Medication & Weight Gain

How the pills you pop to control diabetes, high blood pressure, and other conditions might hurt your slim-down efforts.

You were warned about nausea, dry mouth, and other unpleasant side effects that may accompany the medications you’re taking, but even if your doc gave you a heads-up about possible weight gain, the extra pounds can still come as an unwelcome surprise. Medicine, after all, is supposed to help you, not set you back in your weight-loss efforts. But if you squint at the itty-bitty print, you’ll find that many drugs list weight gain as a potential side effect.

It’s frustrating to be sure—but no reason to give up on your get-healthy goals. We asked the experts which pills are likely to cause you to add pounds and got their strategies for avoiding the extra weight.


Which Meds Come with a Weight-Gain Warning?

There’s a long list of prescription drugs associated with increased weight—the ones that follow are among the most commonly prescribed. But keep in mind that there are multiple drugs available in each category, and some are less likely to cause an increase in weight than others.

Even if a drug comes with the risk of weight gain, you won’t necessarily be affected. “The way someone’s weight responds to these medicines is partially determined by genetics,” says Rekha Kumar, MD, an endocrinologist at Weill Cornell Medicine and New York-Presbyterian in New York City. “You could give two patients the same dose of Prozac, and one might lose weight and the other could gain it due to some complex interaction between genes, medicine, diet, and environment.”



Certain antidepressants (such as selective serotonin reuptake inhibitors, aka SSRIs) and tricyclic antidepressants (such as Tofranil) may promote weight gain for a few reasons.
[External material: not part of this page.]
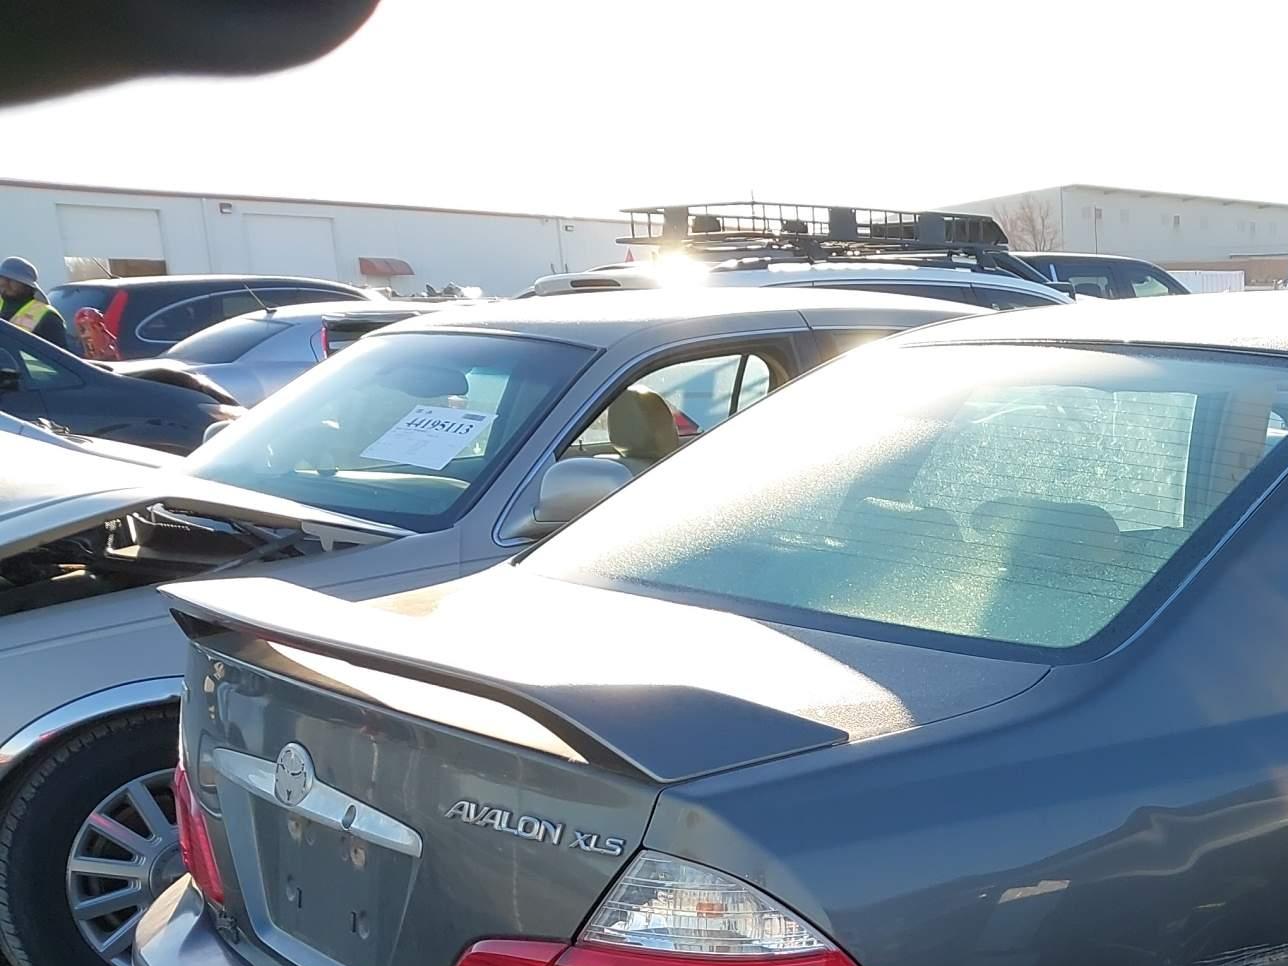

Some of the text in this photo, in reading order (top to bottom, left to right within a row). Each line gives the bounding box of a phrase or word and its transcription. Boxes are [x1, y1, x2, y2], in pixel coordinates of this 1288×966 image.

[405, 418, 474, 434] 44195113
[444, 799, 626, 857] AVALON XLS
First, they can modify receptors that are involved in body weight regulation, making people hungrier. They can also cause insulin resistance, a common reason for weight gain. Moreover, some people simply eat less when they’re depressed, so their weight shoots up once they’re on medication and consuming more, says Dr. Kumar.
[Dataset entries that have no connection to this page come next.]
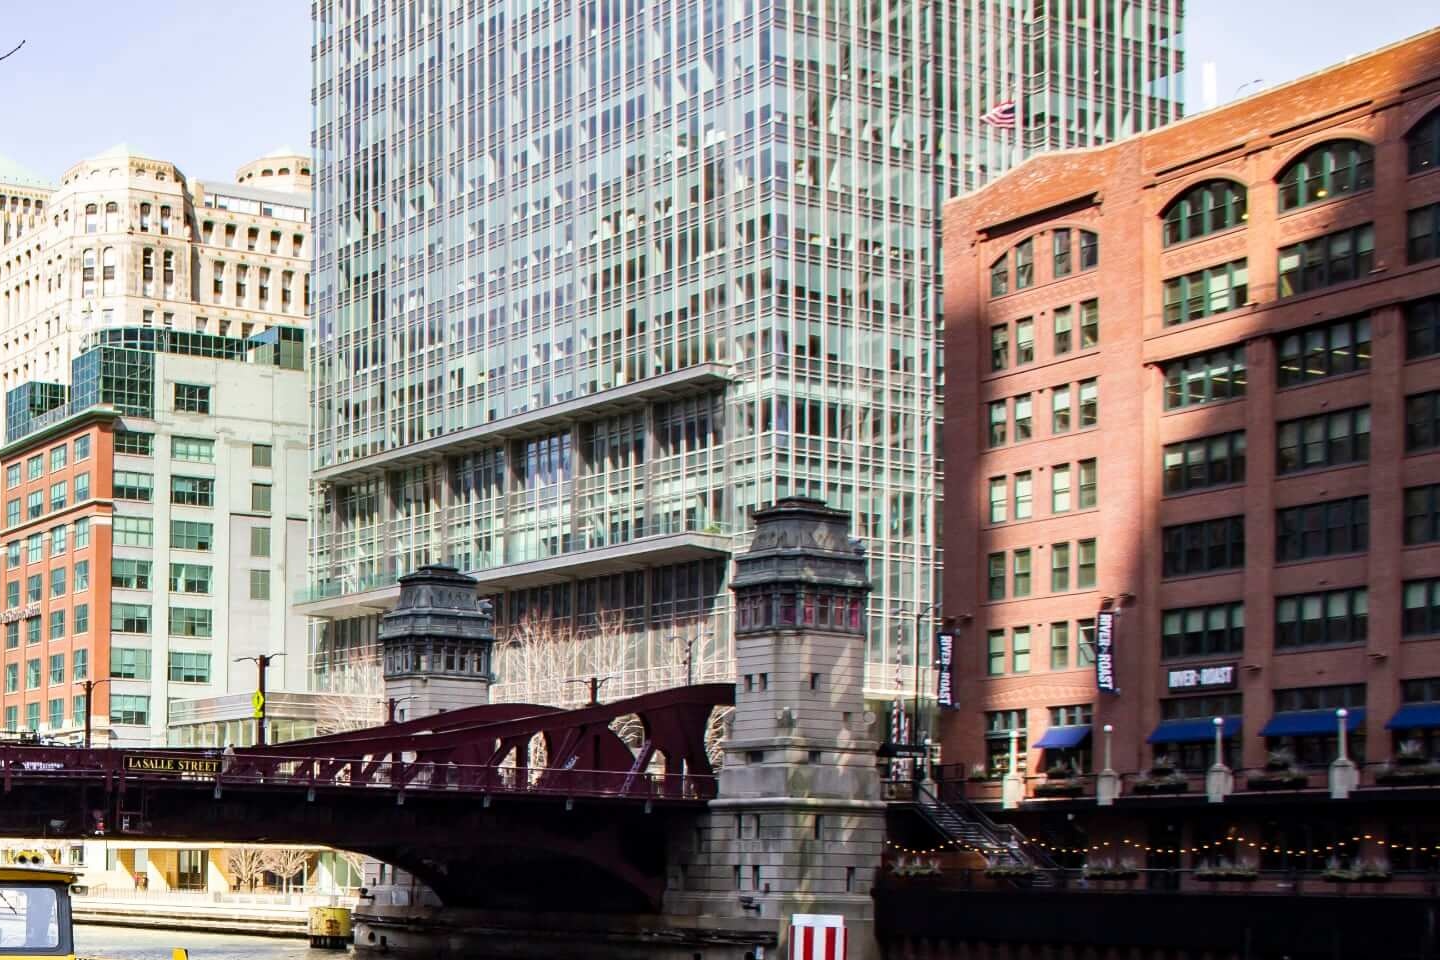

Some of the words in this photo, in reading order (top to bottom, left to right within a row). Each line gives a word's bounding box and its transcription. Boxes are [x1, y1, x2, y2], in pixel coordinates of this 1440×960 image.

[1098, 614, 1113, 647] RIVER
[939, 635, 953, 665] RIVER
[1097, 654, 1113, 690] ROAST
[938, 672, 951, 706] ROAST
[177, 759, 218, 772] STREET
Some drugs commonly used to treat schizophrenia, bipolar disorder, and other psychiatric conditions may trigger overeating, leading to rapid weight gain, says Chen Liu, PhD, an assistant professor of internal medicine and neuroscience at the University of Texas Southwestern Medical Center in Dallas. “Typically, weight gain develops slowly,” says Liu. “But with this drug-induced obesity, patients can gain 10 kg [about 22 pounds] in a few months.”


Diabetes medications

People with type 2 diabetes who take insulin to manage their blood sugar may be at risk for weight gain. “In addition to helping you use the carbohydrates you eat, insulin is a fat storage­–promoting hormone,” explains Dr. Kumar. But insulin isn’t the only diabetes drug linked to weight gain. Others include sulfonylureas and thiazolidinediones (TZDs).


Blood pressure meds

Certain types of beta-blockers, such as atenolol (Tenormin) and metoprolol (Lopressor), are associated with an increase in weight, possibly because they slow down metabolism. Luckily, newer versions of these drugs aren’t as likely to be linked to weight gain.


Steroid drugs

Corticosteroids for arthritis can increase appetite and change how the body deposits fat. (Some patients, for example, notice extra fat in their abdomen.) Even steroid inhalers used for asthma can have a similar effect.


Gaining Weight? Here’s What to Do

If you see the scale start to tick upward, do not—we repeat, do not—stop taking a drug without consulting your doctor. “In many patients, the benefits of the medication outweigh the risks of weight gain,” says Dr. Kumar. Do bring up the problem with your physician—he or she will evaluate your eating habits, exercise routine, lifestyle, and medications to better determine what’s causing the new weight gain. (Be sure to bring a complete list of the medicines and supplements that you take to your appointment.) 

Your MD should then consider whether the medication is even necessary. “I often meet women in their 40s, 50s, and even 60s who were put on an antidepressant for postpartum depression decades ago and never taken off it,” says Dr. Kumar. “So the question is, Does the patient really need it?” If it is important that you stay on a medication, ask your doctor if it’s possible to switch to an alternative drug with a lower risk of weight gain. A diabetes medicine called Metformin, for example,  can sometimes promote weight loss.

It may take some trial and error (and a good dose of patience) to find the medication—or combination of drugs—that works well for you, but you and your well-being are worth it.